Going further still, Riemann noticed that the first term in the brackets (-1/s (1 - s)) is an invariant (does not change) if s is replaced by 1 - s. Due to this, Riemann expanded the utility of the equation even more, eliminating two poles at s = 0 and s = 1, and setting the Riemann xi function ξ (s) without degeneracies:


Riemann's x-function ξ (s)

Zeros of the Riemann Zeta Function


The roots/zeros of the zeta function, when ζ (s) = 0, can be divided into two types, which are called “trivial” and “non-trivial” zeros of the Riemann zeta function.

The existence of zeros with the real part of Re (s) & lt; 0


Trivial zeros are zeros that are easy to find and explain. They are most noticeable in the following functional form of the zeta function:


A variation of the functional Riemann zeta equation

This product becomes zero when the sine becomes zero. This occurs at kπ values. That is, with a negative even integer s = -2n , the zeta function becomes zero. However, for positive even integers s = 2n , the zeros are reduced by the poles of the gamma function Γ (z). This is easier to see in its original functional form; if we substitute s = 2n, then the first part of the term becomes undefined.


So, the Riemann zeta function has zeros in every negative even integer s = -2n. These are trivial zeros, and you can see them on the graph of the function:


Graph of the Riemann zeta function ζ (s) with zeros at s = -2, -4, -6, and so on

The existence of zeros with the real part of Re (s) & gt; 1


From the formulation of the Euler zeta, we can instantly see that the zeta ζ (s) cannot be zero in a domain with a real part of s greater than 1, because a convergent infinite product can be zero only if one of its factors is zero . Proof of the infinity of prime numbers negates this.


Euler's Formula

Existence of zeros with a real part 0 ≤ Re (s) ≤ 1


We have found the trivial zetas of the zeta in the negative half-plane, when Re (s) & lt; 0, and showed that in the region of Re (s) & gt; 1 cannot be zeros.

However, the area between these two areas, called the critical band, has been the main focus of analytic number theory for the last hundreds of years.


Graph of the real and imaginary parts of the Riemann zeta function ζ (s) in the interval -5 & lt; Re & lt; 2, 0 & lt; Im & lt; 60

On the graph shown above, I displayed the real parts of zeta ζ (s) in red, and the imaginary parts in blue.

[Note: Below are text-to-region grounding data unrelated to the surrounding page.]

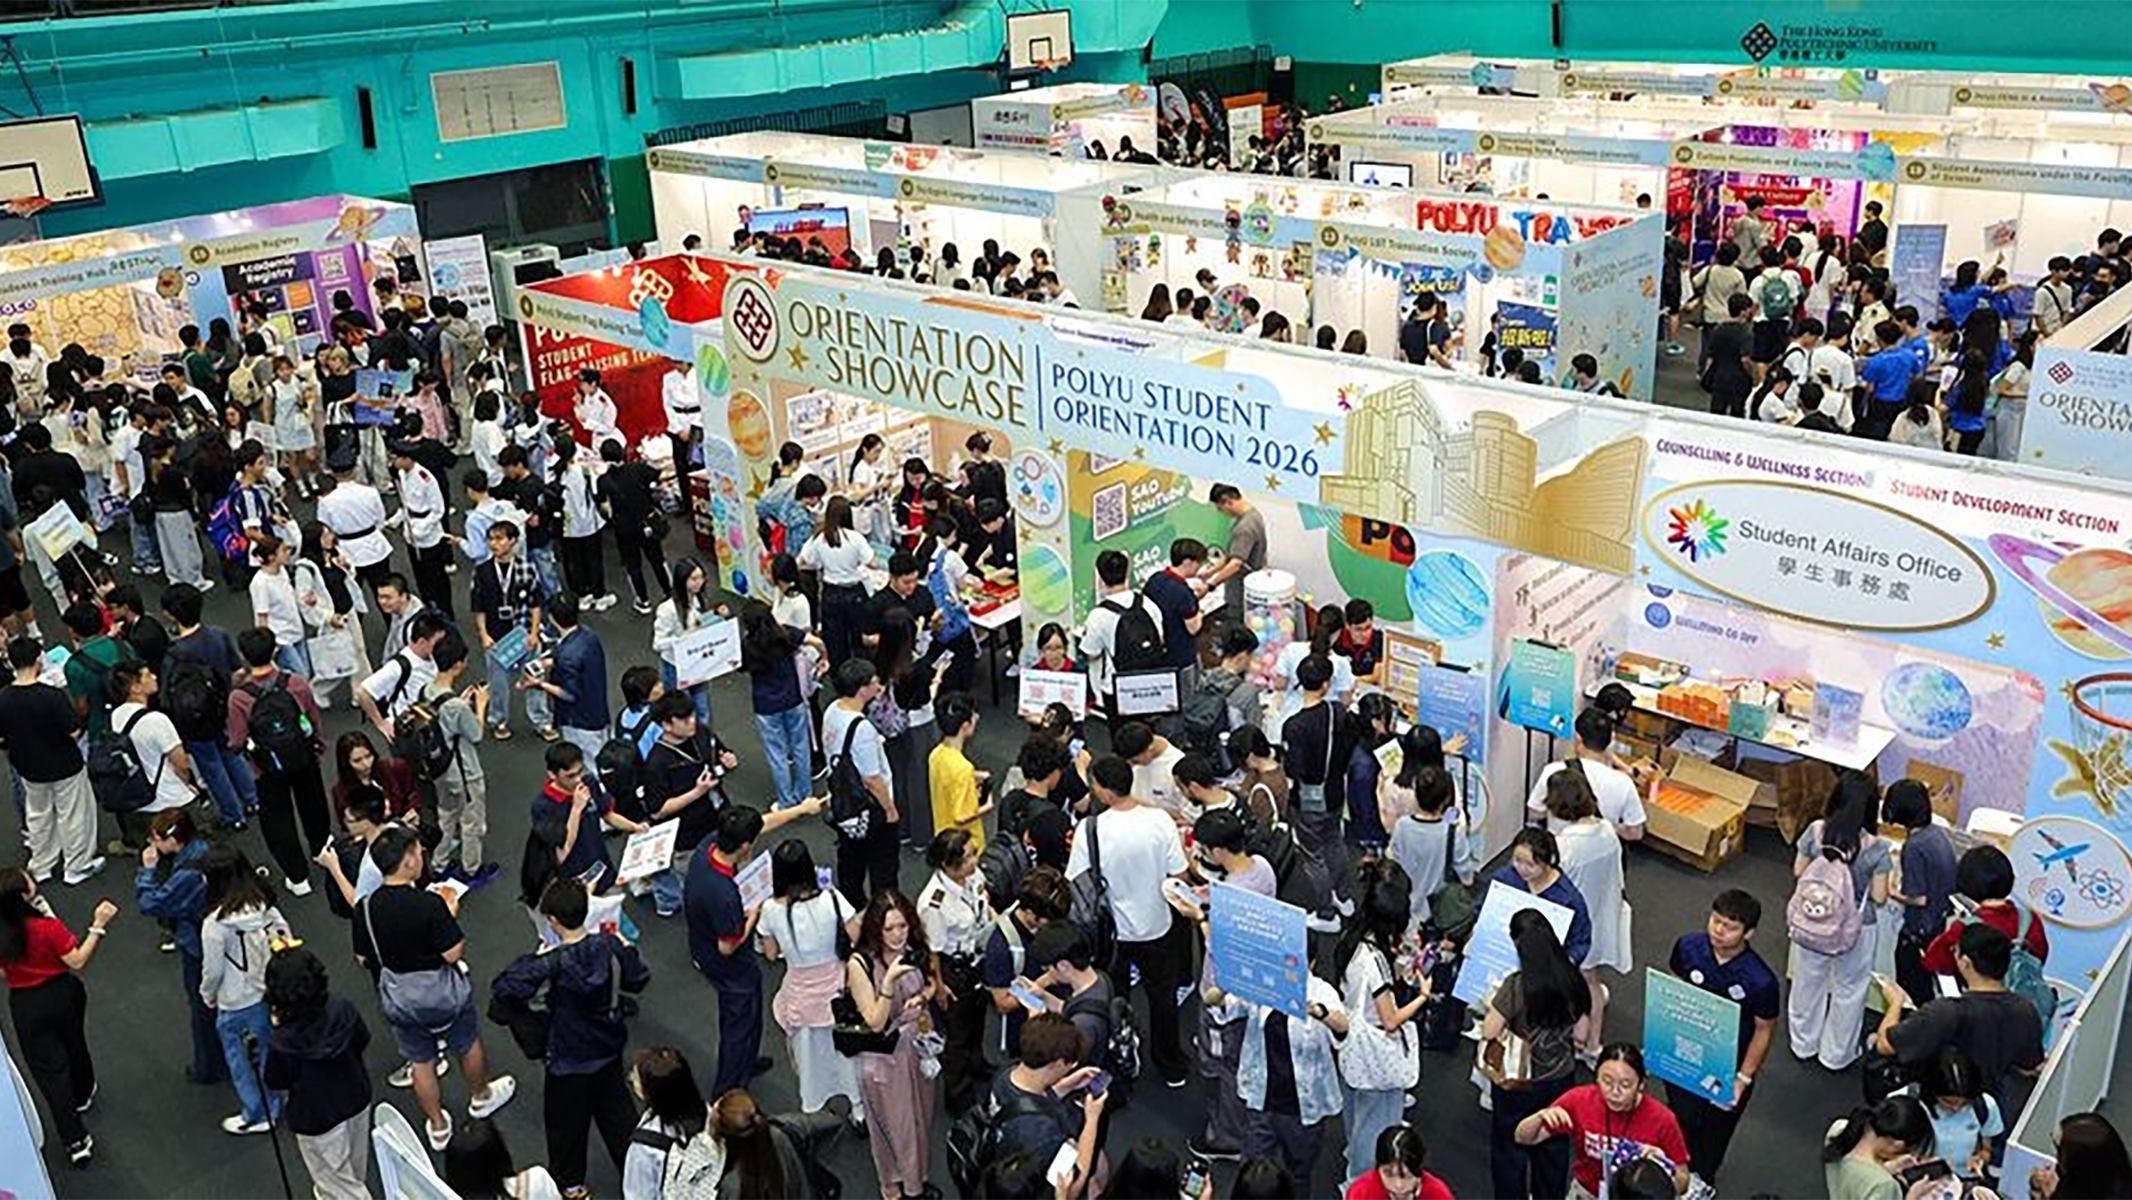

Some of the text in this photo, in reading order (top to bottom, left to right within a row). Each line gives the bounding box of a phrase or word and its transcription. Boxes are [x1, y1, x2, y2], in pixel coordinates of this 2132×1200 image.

[1847, 27, 1883, 38] KONG
[1774, 157, 1791, 167] and
[2072, 171, 2090, 182] the
[1416, 199, 1499, 238] POLYU
[239, 255, 297, 276] Academic
[245, 266, 295, 285] Registry
[537, 342, 593, 370] STUDENT
[788, 299, 1026, 383] ORIENTATION
[826, 345, 1028, 427] SHOWCASE
[1052, 362, 1272, 431] POLYU STUDENT
[1053, 395, 1319, 477] ORIENTATION 2026
[1655, 438, 1731, 465] COUNSELLING
[1733, 451, 1744, 467] &
[1746, 454, 1811, 481] WELLNESS
[1889, 479, 2121, 535] STUDENT DEVELOPMENT SECTION
[1738, 519, 1963, 584] Student Affairs Office
[1776, 555, 1912, 603] 學生事務處
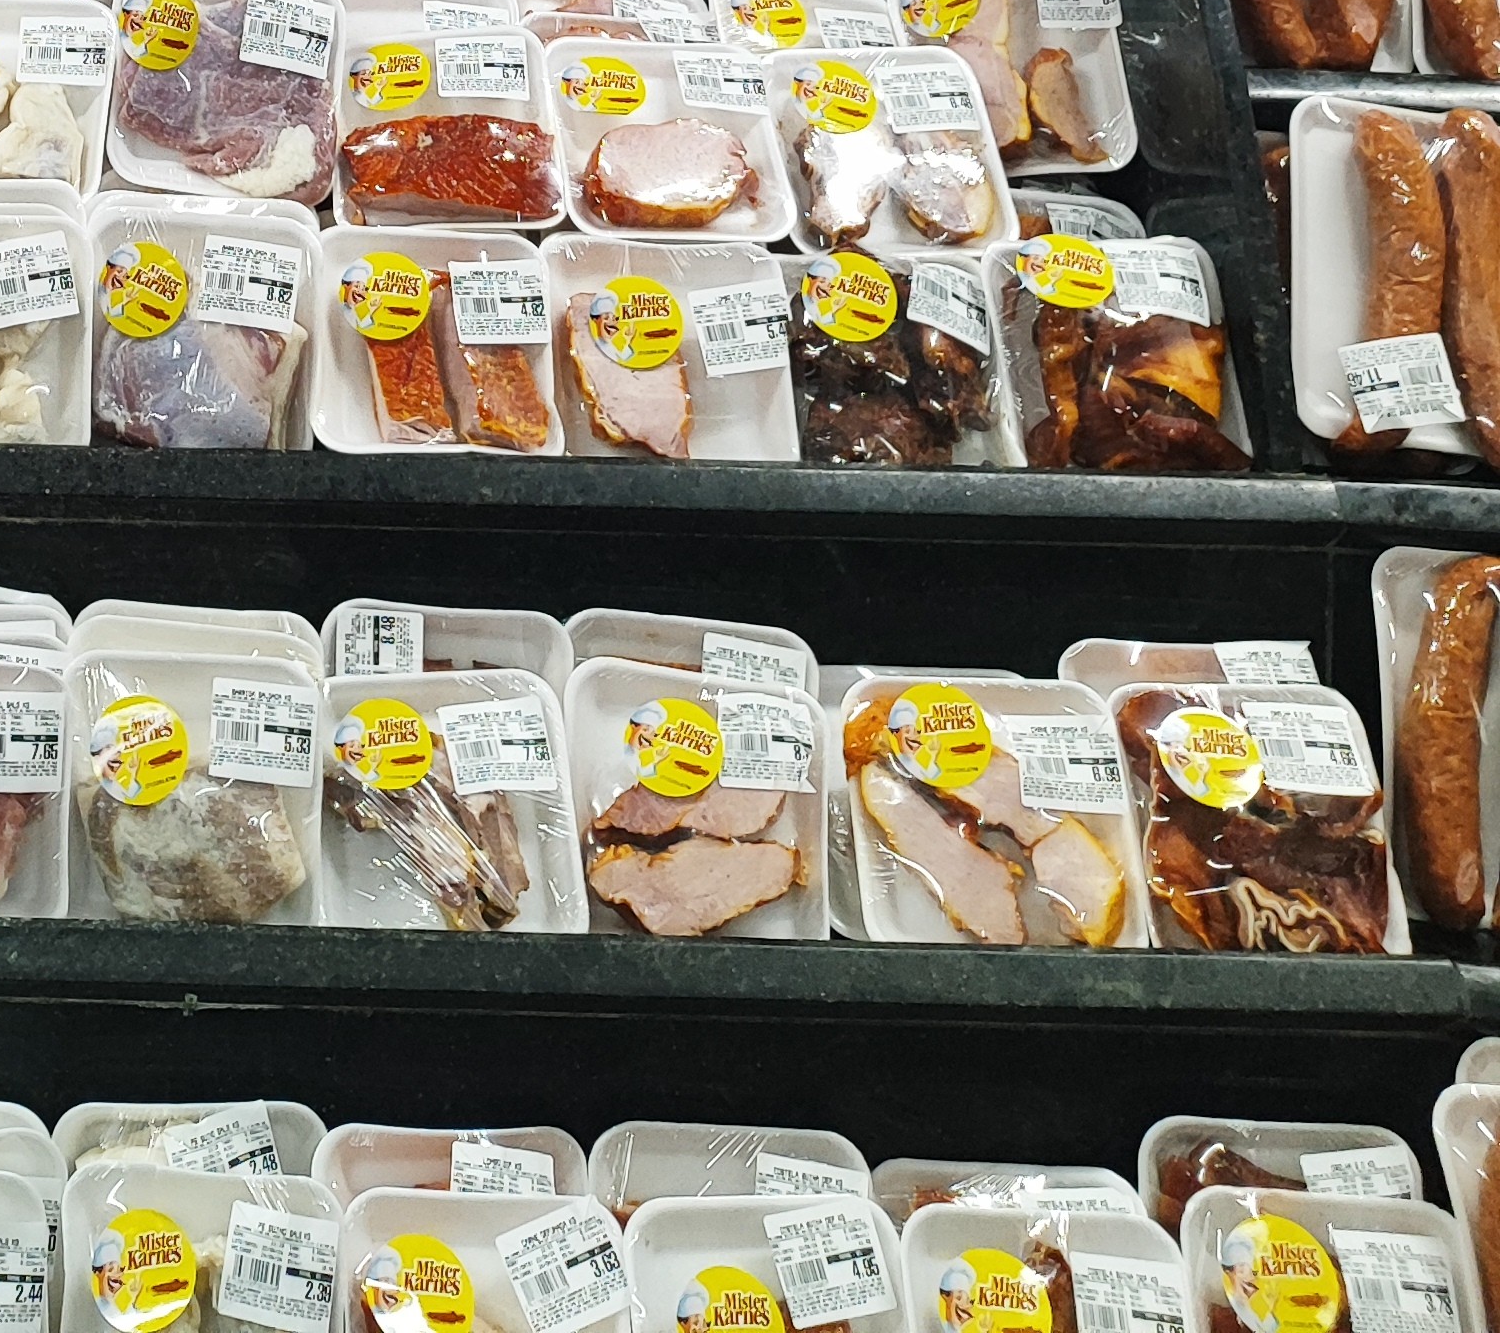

We see the first two trivial zeros in the lower left corner, where the real part of s is -2 and -4. Between 0 and 1, I identified a critical band and noted the intersection of the real and imaginary parts of Zeta ζ (s). These are non-trivial zeros of the Riemann zeta function. Rising to higher values, we will see more zeros and two seemingly random functions that become denser with increasing values ​​of the imaginary part of s .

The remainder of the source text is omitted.